Disko Bay
There are more than seven words for winter in Greenlandic, and when you have read Nancy Campbell’s Disko Bay you’ll know why. The poet has worked as writer in residence for many ecological institutions and over her career has authored many non-fiction books – including How to Say ‘I Love You’ In Greenlandic: An Arctic Alphabet, which won the Birgit Skiöld Award.
Campbell’s debut, Disko Bay, is separated into the three sections: “Disko Bay”, “Ruin Island” and “Jutland”. “Disko Bay” is a meeting place for whalers, missionaries, scientists and shamans and the collection as such reads as a scattered compilation of poems. “Ruin Island” focuses on the legendary Greenlandic leader Qujaavaarssuk. “Jutland” reaches the northern points of Europe and brings Greenland into the context of a more well known history, offering the poet’s own translations of Anglo-Saxon riddles found in The Exeter Book.
Much of her poetry does not make “obvious” sense. Though Campbell’s scenes are simple as the nature and the lives they describe, they are doused in a mist of abstraction. Take the opening lines from the first poem “Umiarassaat / The Seal People”:
I watch four shadows pass the sun.
They are not men, those bearded ones
with fat, stooped heads and shining skin
aboard a boat with no beginning.
I am so close to seeing this scene yet cannot squint hard enough. Something is coming in from the water: a boat, not quite a boat, manned by not quite men. Her description of the boat with no beginning is jarring. It implies an endlessness leading out to the sea – indeed many of these lines produce the distinct impression of a void. I see it as an embodiment of the feeling one has looking out at the open ocean during twilight.
Description aside, the flow of the poem’s sound is just as almost understandable. The rhythm is found in the first line and follows steadily through the stanza as a simple iambic tetrameter.
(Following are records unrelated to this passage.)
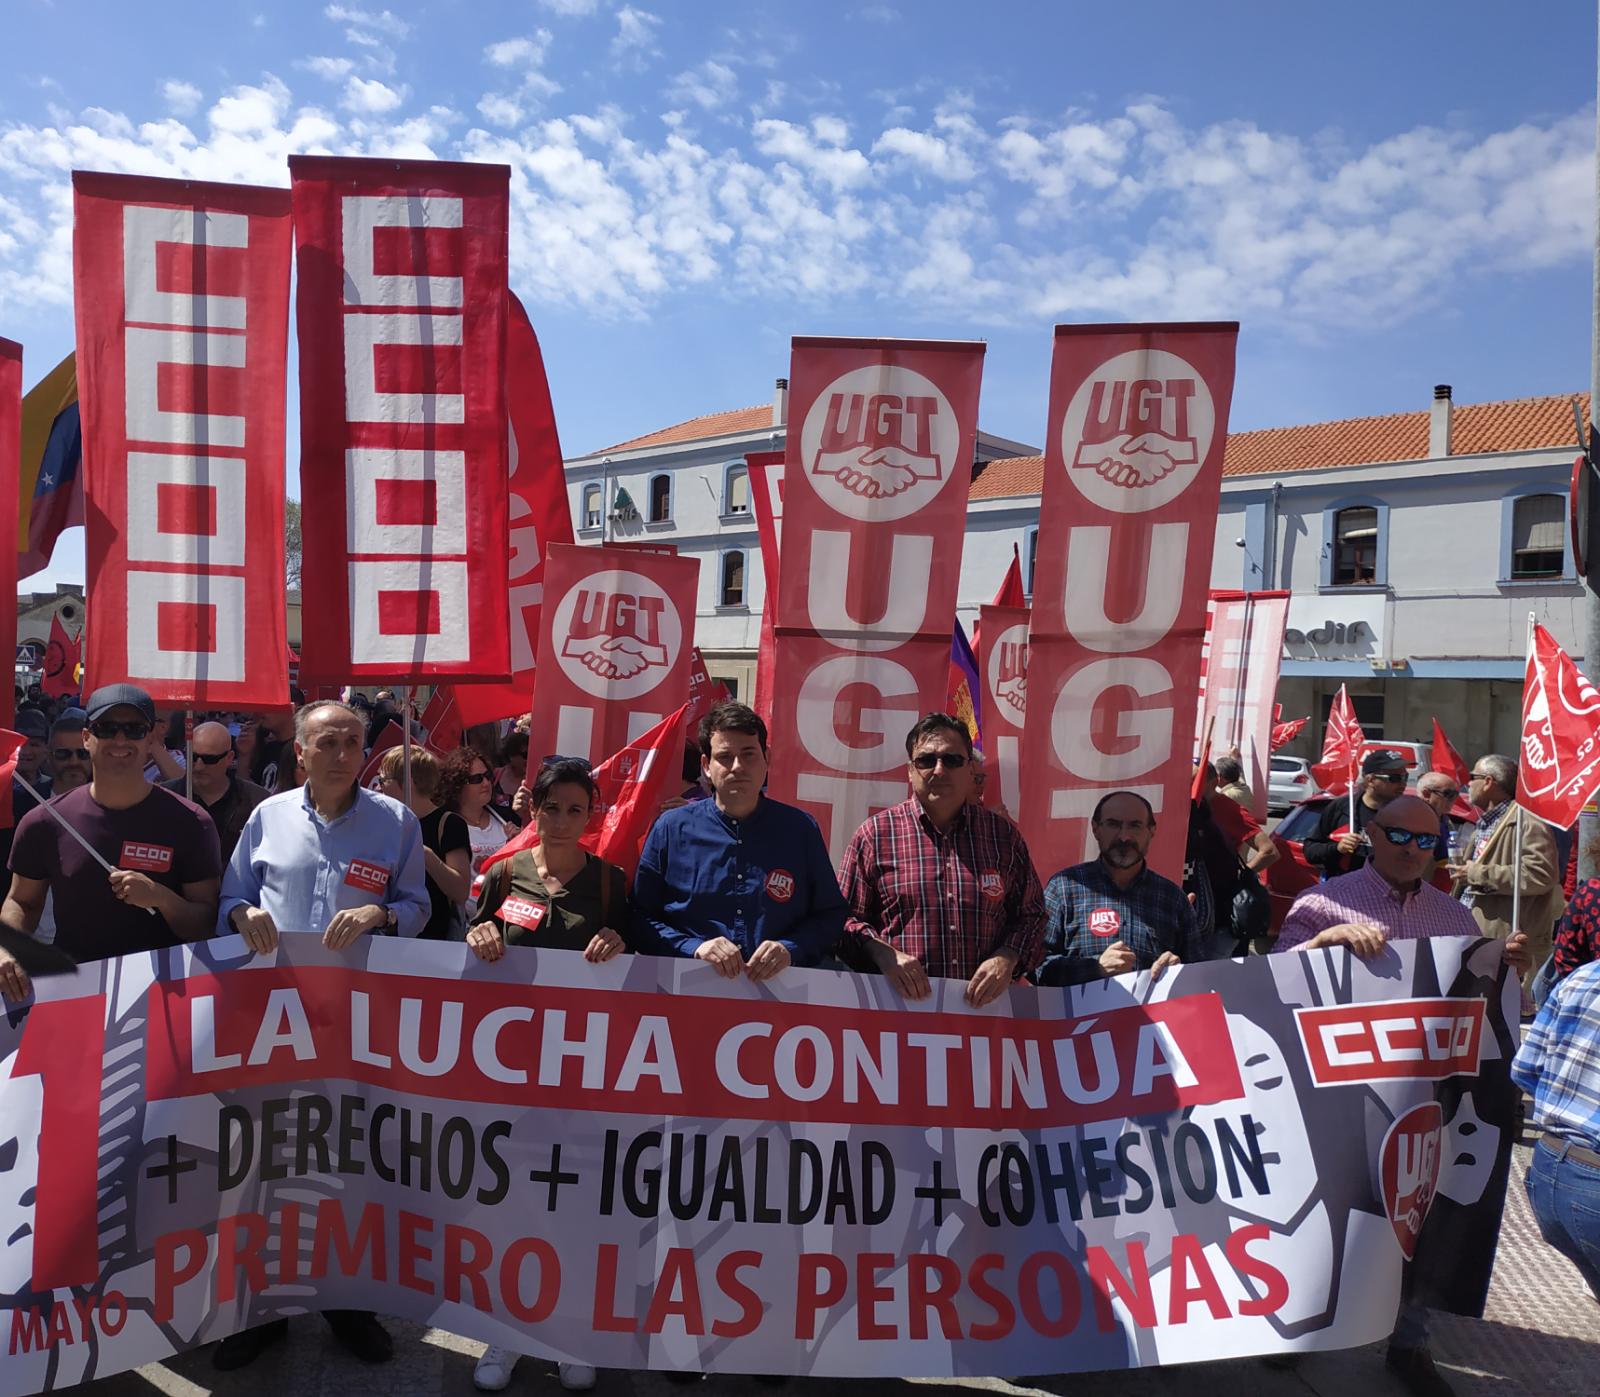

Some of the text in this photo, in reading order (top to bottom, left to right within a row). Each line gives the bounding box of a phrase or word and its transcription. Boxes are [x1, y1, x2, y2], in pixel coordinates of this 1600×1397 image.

[342, 196, 470, 664] CCOO
[821, 393, 938, 456] UGT
[1083, 378, 1196, 438] UGT
[123, 205, 249, 682] CCOO
[568, 591, 667, 637] UGT
[796, 529, 934, 870] UGT
[125, 845, 171, 861] CCOO
[350, 863, 389, 884] CCOO
[769, 872, 793, 892] UGT
[982, 874, 1000, 887] UGT
[502, 900, 542, 919] CCOO
[1091, 911, 1115, 926] UGT
[191, 988, 1200, 1109] LA LUCHA CONTINÚA
[1319, 1016, 1474, 1067] CCOO
[10, 994, 106, 1292] 1
[218, 1095, 512, 1206] DERECHOS
[599, 1129, 896, 1226] IGUALDAD
[154, 1199, 1290, 1341] PRIMERO LAS PERSONAS
[8, 1291, 128, 1356] MAYO
The couplet of “sun” and “one” sets up the rhyming structure. But then “beginning” interrupts both. In the notes Nancy Campbell tells us that the “Umiarissaat are the vindictive spirits of dead seals” who take revenge of hunters’ wives. Yet even without the context of the poem’s subject, that sense of mysticism and ominous danger already prevails. It is the perfect way to introduce this collection. The imagery and the melody of the poems tend to the uncanny valley, reproducing an emotional tone that I believe is akin to that at home in Greenland. It is beauty cut with a sense of doom.
In particular I noticed “Alagassaq / The Lesson”, as a description of the poetical voice being taught Kalaallisut (Greenlandic).
I pace my fingers round his neck and feel
his gorge rise – or is his swallowing
his tongue? He wants to teach me the word
for ‘welcome’. Suddenly, he’s trembling:
his larynx rumbles, then his breath is gone.
He asks me to remember those vibrations,
and, anxious as a nurse who takes a pulse,
touches my throat to judge its contortions.
Will I ever learn these soft uvulars?
Both the vulnerability rendered by physical contact – “I place my fingers round his neck’”- and the vulnerability of learning the language of another captures the intense intimacy between the voice and the land. We understand that she is an outsider wanting to become more intimate with the place, and that local folk are inviting her in by teaching her “the word for ‘welcome’”. But still, she has her reserve. How close she can ever be if she cannot learn “these soft uvulars”?.
Nancy Campbell’s Disko Bay is testament to the power of a poet borne by the extreme knowledge of her subject. I now know both what the Umiarassaat are, and the beautiful terror one has when witnessing them.